Interview With Jann Wenner of Rolling Stone Magazine - part 2 - President Bill Clinton - Interview

Weekly Compilation of Presidential Documents, Dec 11, 2000

November 2, 2000

Mr. Wenner. Thank you for your time; I appreciate it. It takes time to do something like this.

The President. Good.

2000 Presidential Election

Mr. Wenner. Why do you think the race is so tight, given the economy, the issues, the incumbency? How could it get to be this close?

The President. Well, I think for one thing, things have been good for a long time, and I think a lot of people may take it for granted and may not have--they may not be as clear as they should be, which I hope we can use the last week to do, on what specific policies contributed to it and what could undermine it. I think that's one issue.

I also think that, you know, there's not as much general awareness as there might be about the differences between the two parties on health care, education, the environment, and crime, where I believe that the things we've done over the last 8 years had a measurable impact on all those things going in the right direction.

And a lot of--most Presidential races are fairly close, you know, because a lot of Presidential voting is cultural.

Mr. Wenner. The way you were raised.

The President. Well, the way you were raised and sort of the neighborhood you live in, your socioeconomic and ethnic background. I mean, a lot of it's cultural. So I think there are a lot of reasons it's close.

Also, keep in mind, in the history of our Republic, only two Vice Presidents have ever been directly elected President. One of them--when Martin Van Buren succeeded Andrew Jackson, we were effectively a one-party country then. And the other, when George Bush defeated Michael Dukakis, the country was not in as good a shape as it is now, but it was in pretty good shape, and Bush basically destroyed Dukakis. It was a hugely negative campaign with a lot of charges that were never effectively rebutted.

So this has been a much more positive race. There have been differences on the issues, but neither one of them has called each other's patriotism into question or whether they're normal Americans. Basically, the rap that was put on Dukakis was like reverse plastic surgery. So I think that that explains it largely.

Demands of the Presidency

Mr. Wenner. At the end of the interview, I'm going to ask you to make a bet with me.

What physical change in you says that you've served 8 years and it's a job that really takes a toll?

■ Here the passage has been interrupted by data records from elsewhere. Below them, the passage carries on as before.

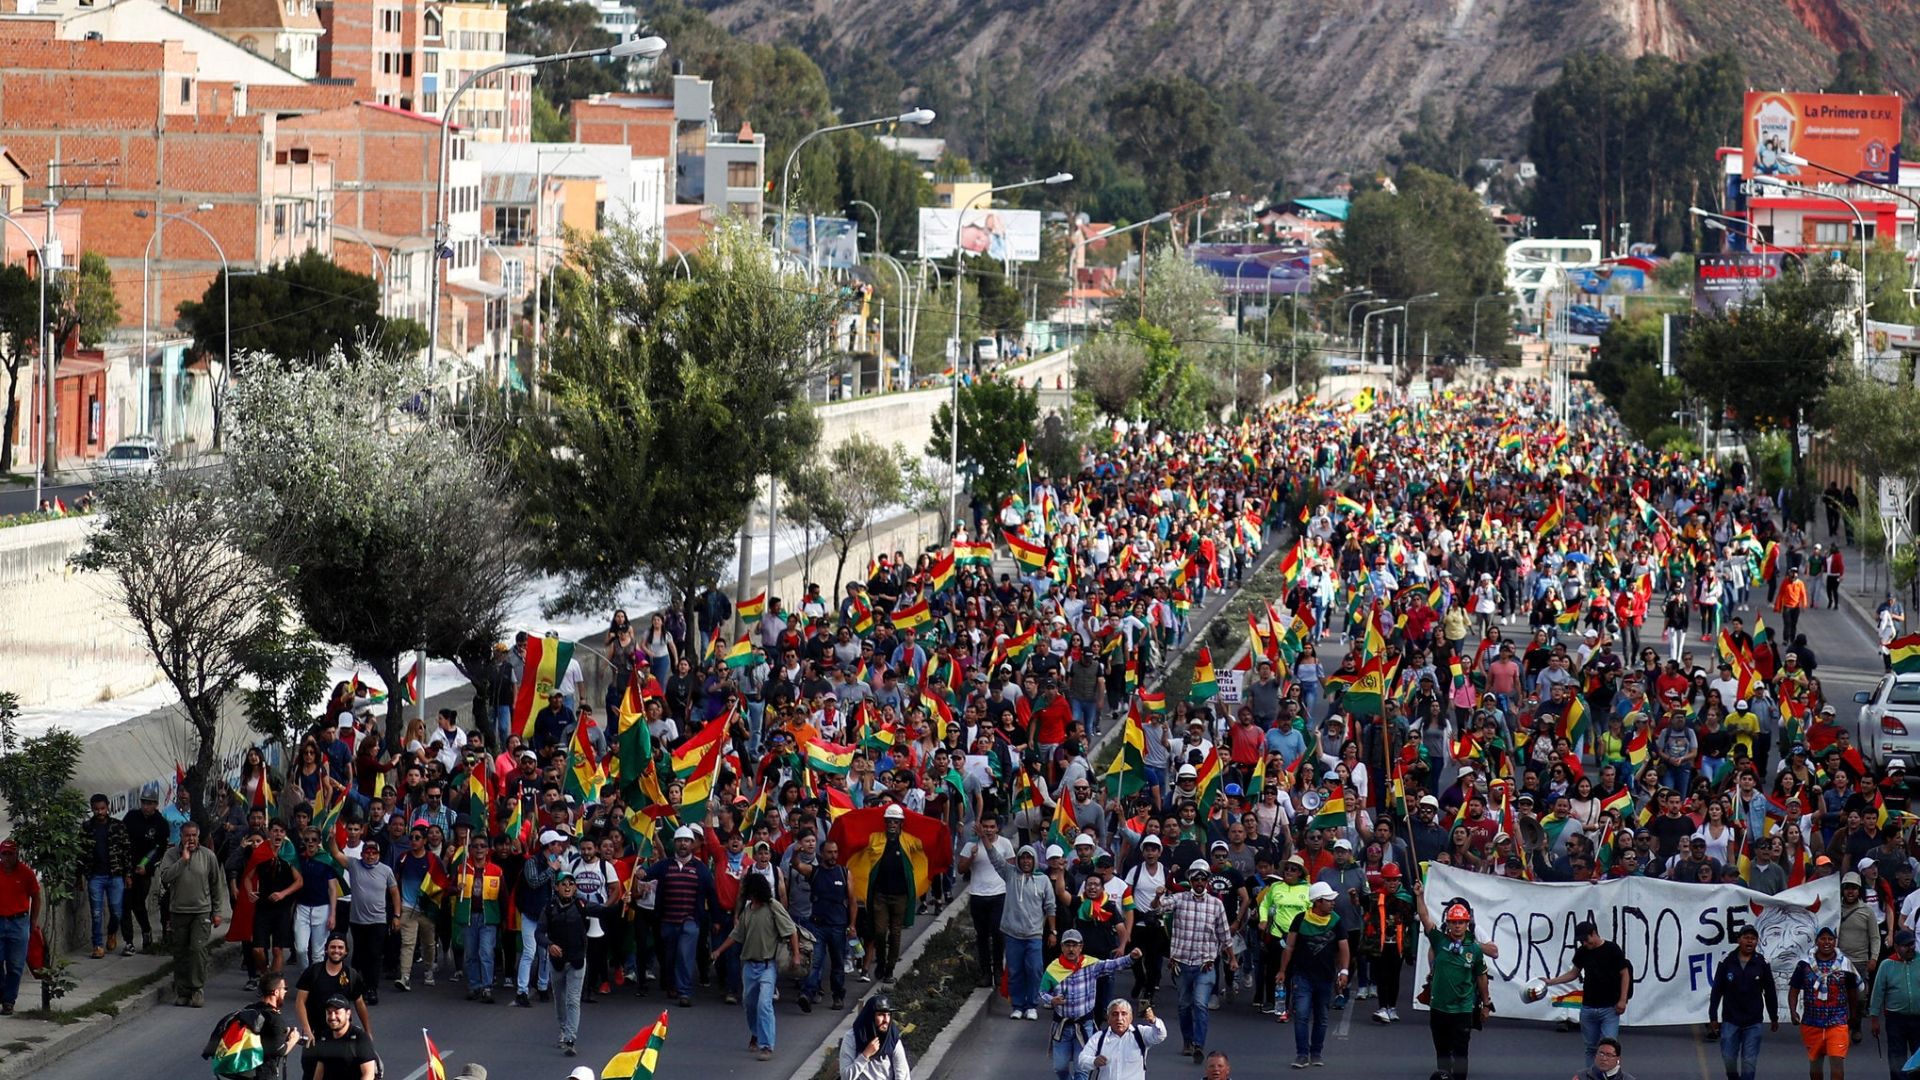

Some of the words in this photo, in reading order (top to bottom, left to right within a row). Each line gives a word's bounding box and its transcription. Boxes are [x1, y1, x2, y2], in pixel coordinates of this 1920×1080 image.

[1804, 105, 1818, 118] La
[1821, 105, 1868, 119] Primera
[1699, 265, 1777, 279] RAMBO
[1488, 905, 1682, 984] ORANDO
[1695, 905, 1750, 946] SE
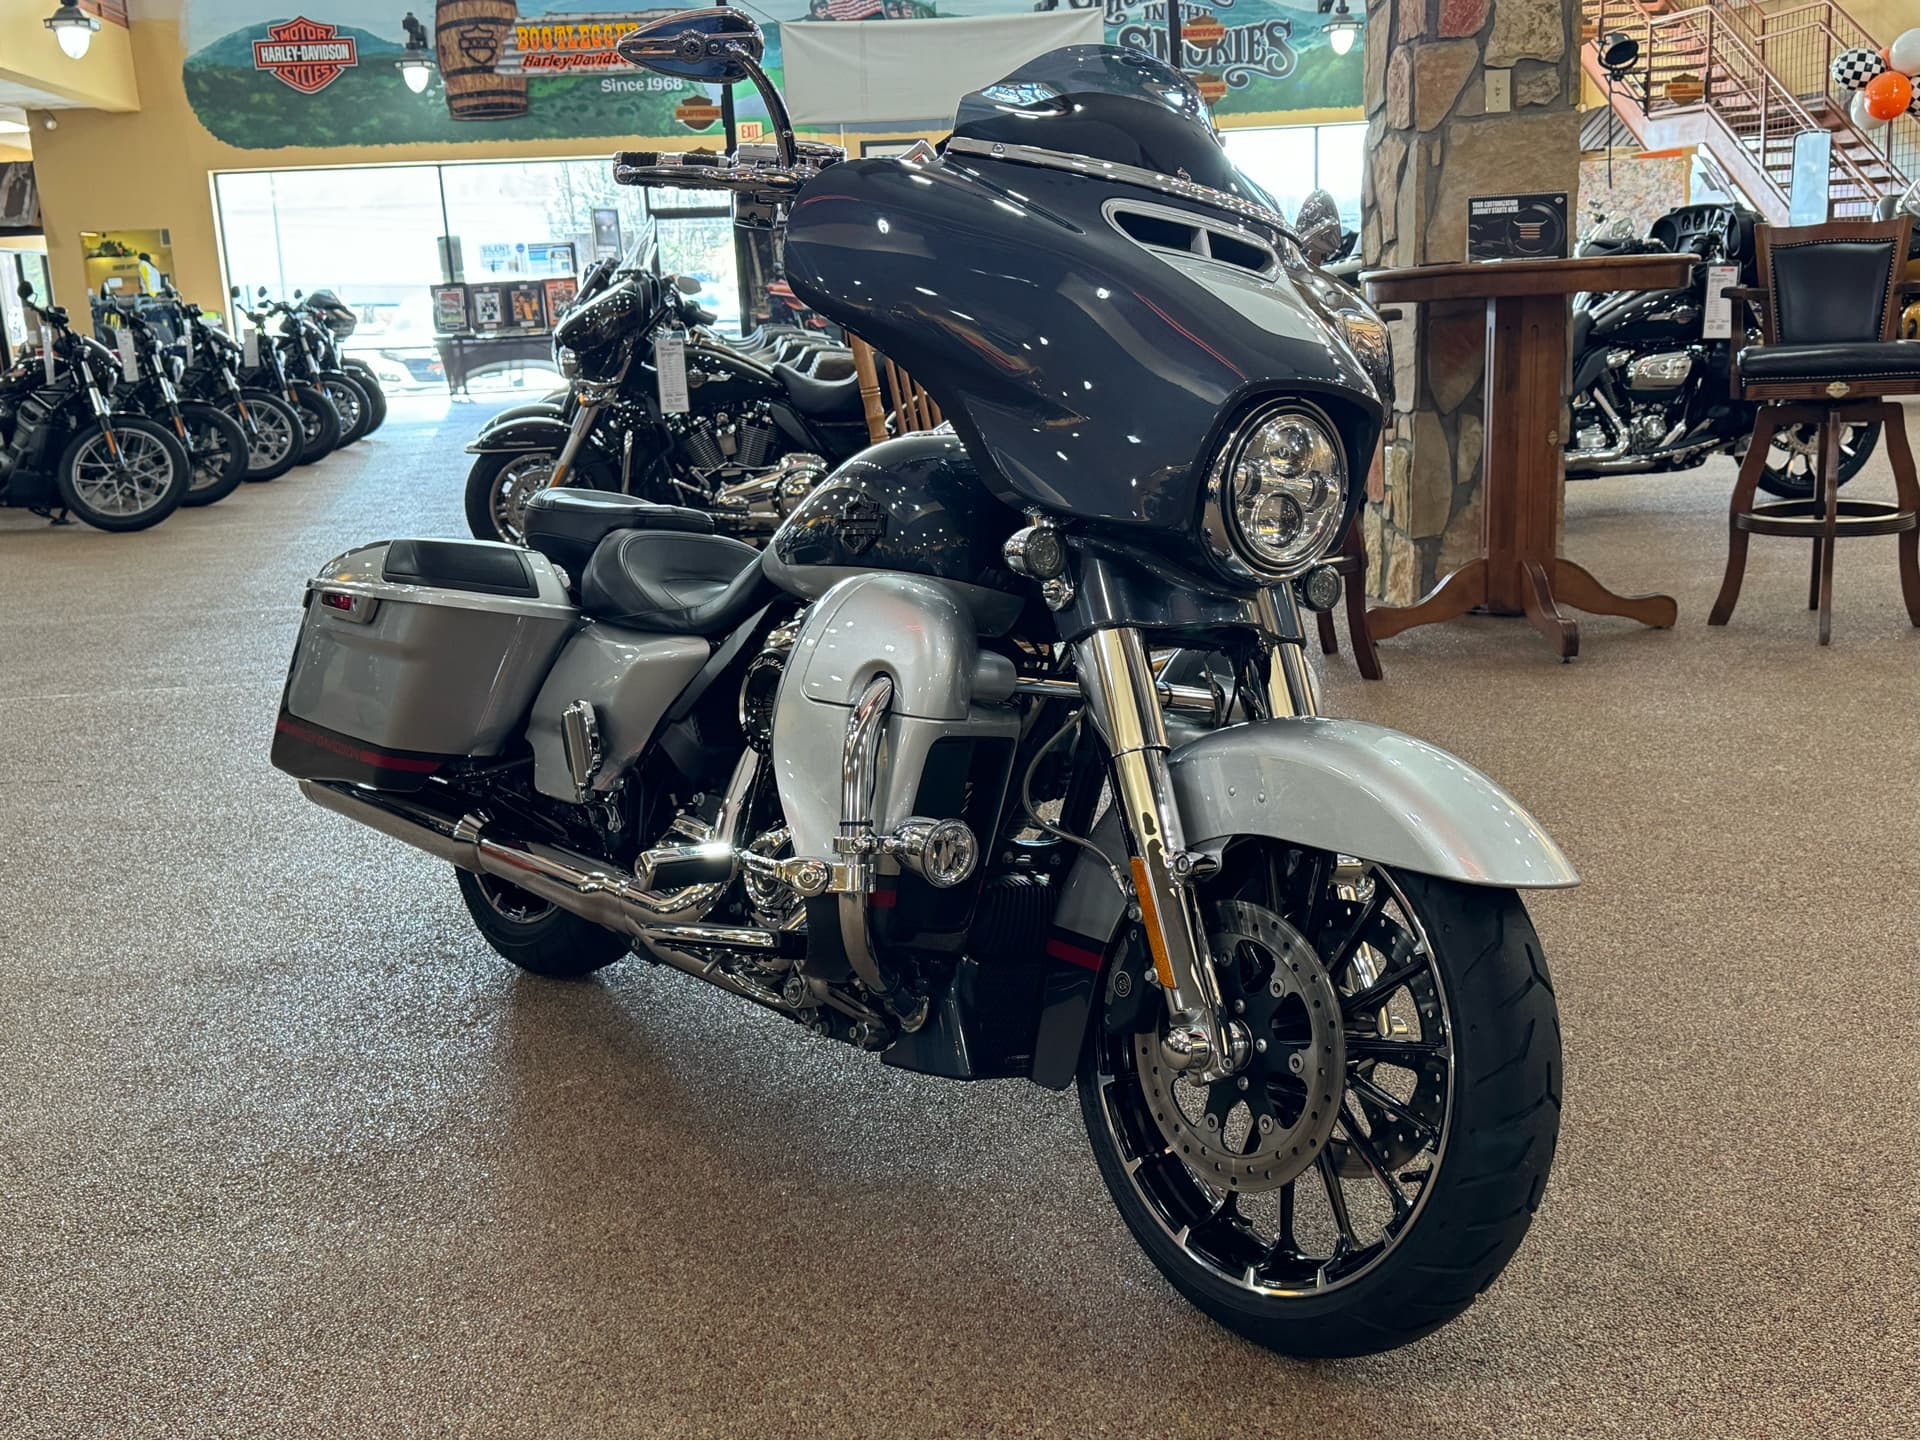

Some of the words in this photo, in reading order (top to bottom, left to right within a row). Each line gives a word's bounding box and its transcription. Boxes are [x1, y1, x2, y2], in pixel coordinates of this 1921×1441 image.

[1144, 4, 1165, 20] IN
[280, 25, 326, 40] MOTOR
[516, 22, 639, 51] BOOTLEGGE
[261, 44, 350, 62] HARLEY-DAVIDSON
[522, 51, 630, 71] Harley-Davids
[283, 65, 330, 86] CYCLES
[601, 78, 645, 93] Since
[646, 77, 684, 92] 1968
[741, 124, 759, 138] EXIT

The President. Well, I think I'm in better shape, better health than I was 8 years ago, in a lot of ways. My hair is gray. I think that's about it. I've got a few wrinkles I didn't have 8 years ago.

But I've held up pretty well. I've had a good time. I've enjoyed it. I couldn't help my hair going gray. It would probably have gone gray if I hadn't become President.

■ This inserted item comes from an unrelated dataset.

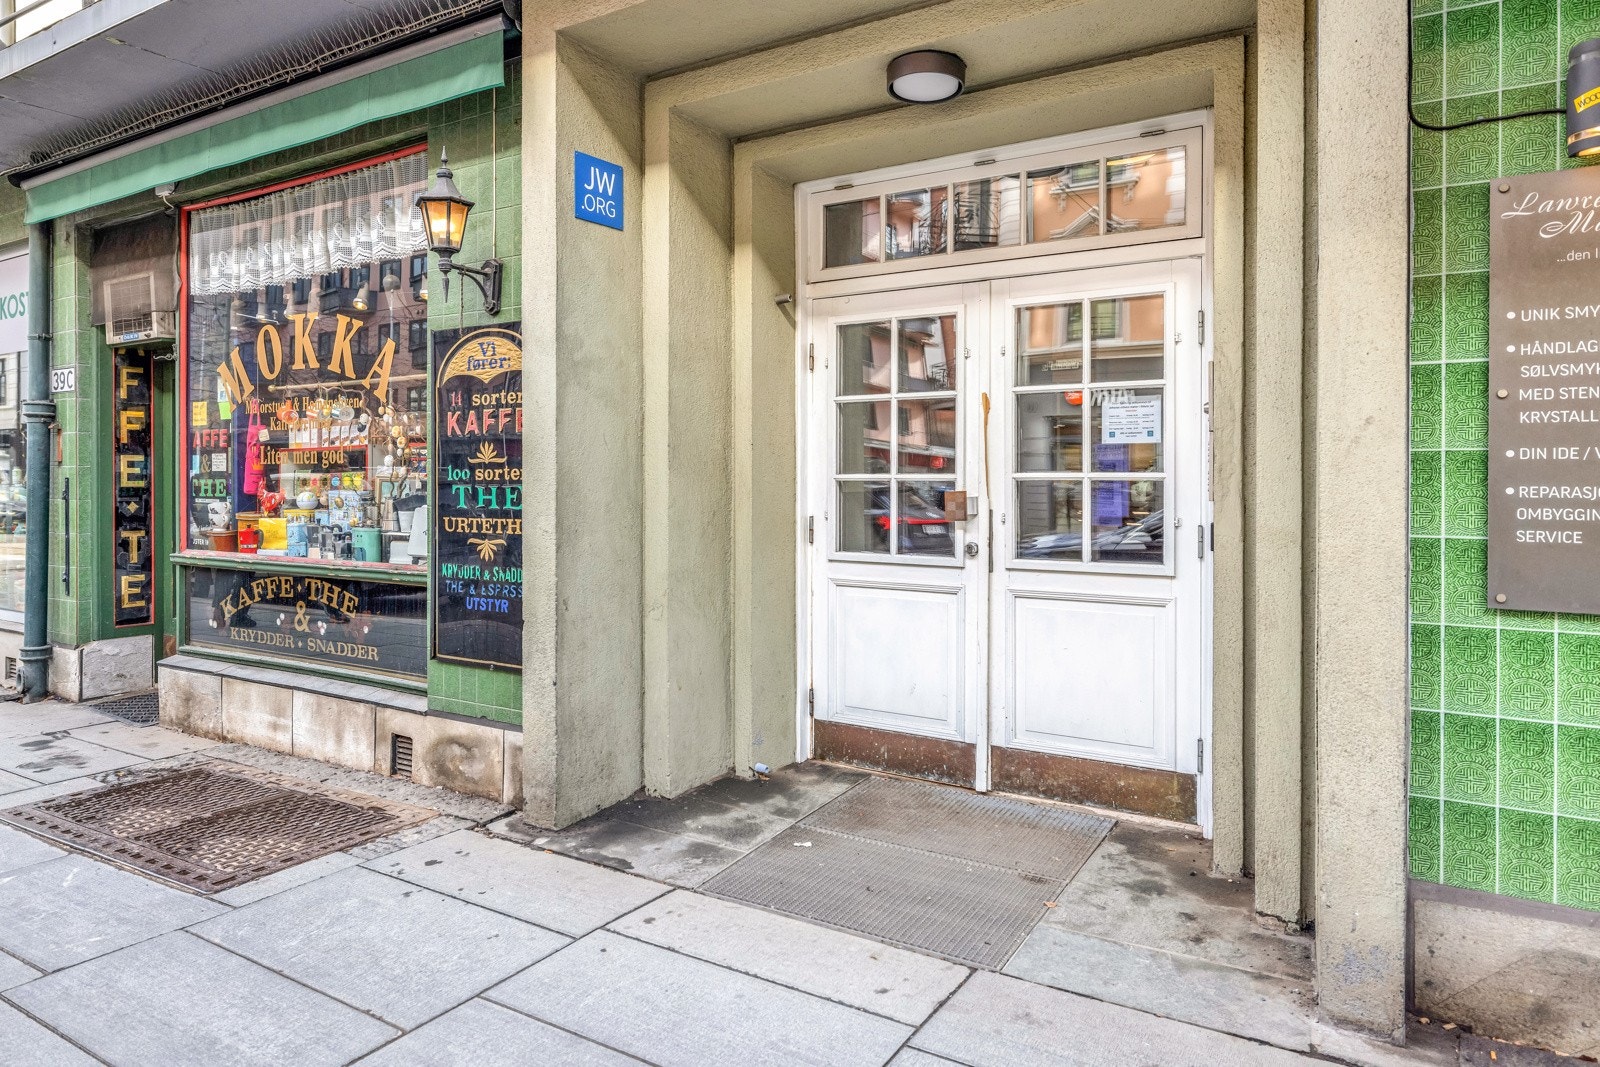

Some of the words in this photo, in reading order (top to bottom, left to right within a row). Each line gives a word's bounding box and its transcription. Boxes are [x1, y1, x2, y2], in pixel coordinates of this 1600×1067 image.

Oklahoma City and Columbine

Mr. Wenner. One of the most important jobs that you, as a President, have is to talk to the country in the wake of national tragedies, frame the issues for the American people. I'm going to ask you about two of the things that happened during your two terms: the Oklahoma City bombing and the Columbine shootings.

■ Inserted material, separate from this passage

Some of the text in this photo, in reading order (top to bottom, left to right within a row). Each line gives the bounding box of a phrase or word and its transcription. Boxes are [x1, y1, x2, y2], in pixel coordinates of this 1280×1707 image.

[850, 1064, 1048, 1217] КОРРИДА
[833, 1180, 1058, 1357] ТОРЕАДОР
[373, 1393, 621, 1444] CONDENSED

Where were you when you first heard about the Oklahoma City bombing, and what was your first reaction, personally? And then how did you think you should frame that to the American people, to help them understand what's really a national trauma? And where were you when you heard it?

The President. I was in the White House. I believe I was in the White House, because I remember making a statement at the beginning, right in the Rose Garden, saying what you would expect me to say, expressing the Nation's sympathy for the loss but also urging the American people not to jump to conclusions about who had done it.

Remember in the beginning, there were a lot of people saying it was obviously some sort of act of foreign terrorism. There was one man that was brought back on an airplane. He was flying out of the country through to London, and he was brought back, suspected of maybe being involved, and he wasn't. And of course, subsequently, it was a domestic terrorist act.

But then when I went to Oklahoma, at the memorial service, what I tried to do was to elevate what the people who had been working in that building were doing. They were all public servants, and it was at a time when it was quite fashionable to bash the Government. And I told myself, even, that I would never refer to people who worked for the Government--even in agencies I thought weren't performing well--as bureaucrats again, because this whole--we have gotten, for more than a dozen years, a sort of demeaning rhetoric about the nature of Government and the nature of public service. And I tried to point out that these people were our friends and our neighbors and our relatives, and they were an important part of America's family and that their service ought to be honored in that way.

And also, obviously, I took a strong stand against terrorism. And I was able-later I went to Michigan State and gave a commencement speech and tried to amplify on that. But I really believe that was the turning of the tide in the venom of anti-Government feeling.